• _TRY IT_:
Every entry below is to be retyped exactly as it appears.

• _ENTRIES SUPPLIED_:
____________________
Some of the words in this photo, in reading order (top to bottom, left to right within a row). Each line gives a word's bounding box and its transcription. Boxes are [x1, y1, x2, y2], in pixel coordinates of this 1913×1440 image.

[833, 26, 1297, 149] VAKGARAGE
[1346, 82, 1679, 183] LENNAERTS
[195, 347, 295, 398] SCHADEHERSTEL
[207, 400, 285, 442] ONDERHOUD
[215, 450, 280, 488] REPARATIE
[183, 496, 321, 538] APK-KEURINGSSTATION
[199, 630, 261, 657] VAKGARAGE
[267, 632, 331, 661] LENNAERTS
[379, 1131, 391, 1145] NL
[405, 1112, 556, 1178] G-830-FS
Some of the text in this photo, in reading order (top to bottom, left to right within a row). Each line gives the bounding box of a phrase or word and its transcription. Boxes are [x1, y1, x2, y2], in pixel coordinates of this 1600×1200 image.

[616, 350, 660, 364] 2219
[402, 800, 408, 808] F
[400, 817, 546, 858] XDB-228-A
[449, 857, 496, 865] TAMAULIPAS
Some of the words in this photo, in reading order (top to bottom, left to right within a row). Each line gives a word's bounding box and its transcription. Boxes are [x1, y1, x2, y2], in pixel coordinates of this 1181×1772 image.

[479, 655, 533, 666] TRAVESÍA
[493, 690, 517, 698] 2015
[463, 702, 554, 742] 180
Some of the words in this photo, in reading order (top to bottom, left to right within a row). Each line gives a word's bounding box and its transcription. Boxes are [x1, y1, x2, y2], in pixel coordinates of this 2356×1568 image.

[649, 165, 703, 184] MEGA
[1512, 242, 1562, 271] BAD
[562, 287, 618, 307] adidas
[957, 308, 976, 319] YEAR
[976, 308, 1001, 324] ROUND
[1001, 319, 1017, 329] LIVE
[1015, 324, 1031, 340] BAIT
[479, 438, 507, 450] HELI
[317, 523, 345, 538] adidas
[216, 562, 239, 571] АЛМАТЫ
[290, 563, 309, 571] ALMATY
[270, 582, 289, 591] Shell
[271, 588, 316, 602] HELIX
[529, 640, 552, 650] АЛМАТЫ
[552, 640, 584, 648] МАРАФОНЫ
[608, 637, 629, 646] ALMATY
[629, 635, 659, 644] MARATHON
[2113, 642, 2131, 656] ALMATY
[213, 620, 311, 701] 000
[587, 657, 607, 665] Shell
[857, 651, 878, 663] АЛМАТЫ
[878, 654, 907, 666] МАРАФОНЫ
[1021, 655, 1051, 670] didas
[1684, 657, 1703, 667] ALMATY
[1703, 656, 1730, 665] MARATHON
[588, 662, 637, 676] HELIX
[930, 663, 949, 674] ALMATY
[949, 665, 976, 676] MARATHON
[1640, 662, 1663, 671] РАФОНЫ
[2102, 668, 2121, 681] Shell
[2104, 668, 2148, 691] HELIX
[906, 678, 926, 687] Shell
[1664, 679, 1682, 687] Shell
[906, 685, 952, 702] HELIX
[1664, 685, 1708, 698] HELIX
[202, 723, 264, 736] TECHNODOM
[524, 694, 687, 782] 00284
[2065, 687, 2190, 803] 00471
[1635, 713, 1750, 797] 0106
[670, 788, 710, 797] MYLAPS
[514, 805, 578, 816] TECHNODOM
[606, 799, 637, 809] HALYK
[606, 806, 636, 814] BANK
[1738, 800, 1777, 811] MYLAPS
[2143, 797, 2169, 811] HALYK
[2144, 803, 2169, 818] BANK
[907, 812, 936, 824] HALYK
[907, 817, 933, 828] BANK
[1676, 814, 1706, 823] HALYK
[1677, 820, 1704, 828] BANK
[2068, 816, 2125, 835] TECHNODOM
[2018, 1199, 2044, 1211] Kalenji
____________________
• _YOUR RESPONSE_:
Some of the words in this photo, in reading order (top to bottom, left to right within a row). Each line gives a word's bounding box and its transcription. Boxes are [x1, y1, x2, y2], in pixel coordinates of this 1913×1440 image.

[833, 26, 1297, 149] VAKGARAGE
[1346, 82, 1679, 183] LENNAERTS
[195, 347, 295, 398] SCHADEHERSTEL
[207, 400, 285, 442] ONDERHOUD
[215, 450, 280, 488] REPARATIE
[183, 496, 321, 538] APK-KEURINGSSTATION
[199, 630, 261, 657] VAKGARAGE
[267, 632, 331, 661] LENNAERTS
[379, 1131, 391, 1145] NL
[405, 1112, 556, 1178] G-830-FS
Some of the text in this photo, in reading order (top to bottom, left to right within a row). Each line gives the bounding box of a phrase or word and its transcription. Boxes are [x1, y1, x2, y2], in pixel coordinates of this 1600×1200 image.

[616, 350, 660, 364] 2219
[402, 800, 408, 808] F
[400, 817, 546, 858] XDB-228-A
[449, 857, 496, 865] TAMAULIPAS
Some of the words in this photo, in reading order (top to bottom, left to right within a row). Each line gives a word's bounding box and its transcription. Boxes are [x1, y1, x2, y2], in pixel coordinates of this 1181×1772 image.

[479, 655, 533, 666] TRAVESÍA
[493, 690, 517, 698] 2015
[463, 702, 554, 742] 180
Some of the words in this photo, in reading order (top to bottom, left to right within a row). Each line gives a word's bounding box and its transcription. Boxes are [x1, y1, x2, y2], in pixel coordinates of this 2356×1568 image.

[649, 165, 703, 184] MEGA
[1512, 242, 1562, 271] BAD
[562, 287, 618, 307] adidas
[957, 308, 976, 319] YEAR
[976, 308, 1001, 324] ROUND
[1001, 319, 1017, 329] LIVE
[1015, 324, 1031, 340] BAIT
[479, 438, 507, 450] HELI
[317, 523, 345, 538] adidas
[216, 562, 239, 571] АЛМАТЫ
[290, 563, 309, 571] ALMATY
[270, 582, 289, 591] Shell
[271, 588, 316, 602] HELIX
[529, 640, 552, 650] АЛМАТЫ
[552, 640, 584, 648] МАРАФОНЫ
[608, 637, 629, 646] ALMATY
[629, 635, 659, 644] MARATHON
[2113, 642, 2131, 656] ALMATY
[213, 620, 311, 701] 000
[587, 657, 607, 665] Shell
[857, 651, 878, 663] АЛМАТЫ
[878, 654, 907, 666] МАРАФОНЫ
[1021, 655, 1051, 670] didas
[1684, 657, 1703, 667] ALMATY
[1703, 656, 1730, 665] MARATHON
[588, 662, 637, 676] HELIX
[930, 663, 949, 674] ALMATY
[949, 665, 976, 676] MARATHON
[1640, 662, 1663, 671] РАФОНЫ
[2102, 668, 2121, 681] Shell
[2104, 668, 2148, 691] HELIX
[906, 678, 926, 687] Shell
[1664, 679, 1682, 687] Shell
[906, 685, 952, 702] HELIX
[1664, 685, 1708, 698] HELIX
[202, 723, 264, 736] TECHNODOM
[524, 694, 687, 782] 00284
[2065, 687, 2190, 803] 00471
[1635, 713, 1750, 797] 0106
[670, 788, 710, 797] MYLAPS
[514, 805, 578, 816] TECHNODOM
[606, 799, 637, 809] HALYK
[606, 806, 636, 814] BANK
[1738, 800, 1777, 811] MYLAPS
[2143, 797, 2169, 811] HALYK
[2144, 803, 2169, 818] BANK
[907, 812, 936, 824] HALYK
[907, 817, 933, 828] BANK
[1676, 814, 1706, 823] HALYK
[1677, 820, 1704, 828] BANK
[2068, 816, 2125, 835] TECHNODOM
[2018, 1199, 2044, 1211] Kalenji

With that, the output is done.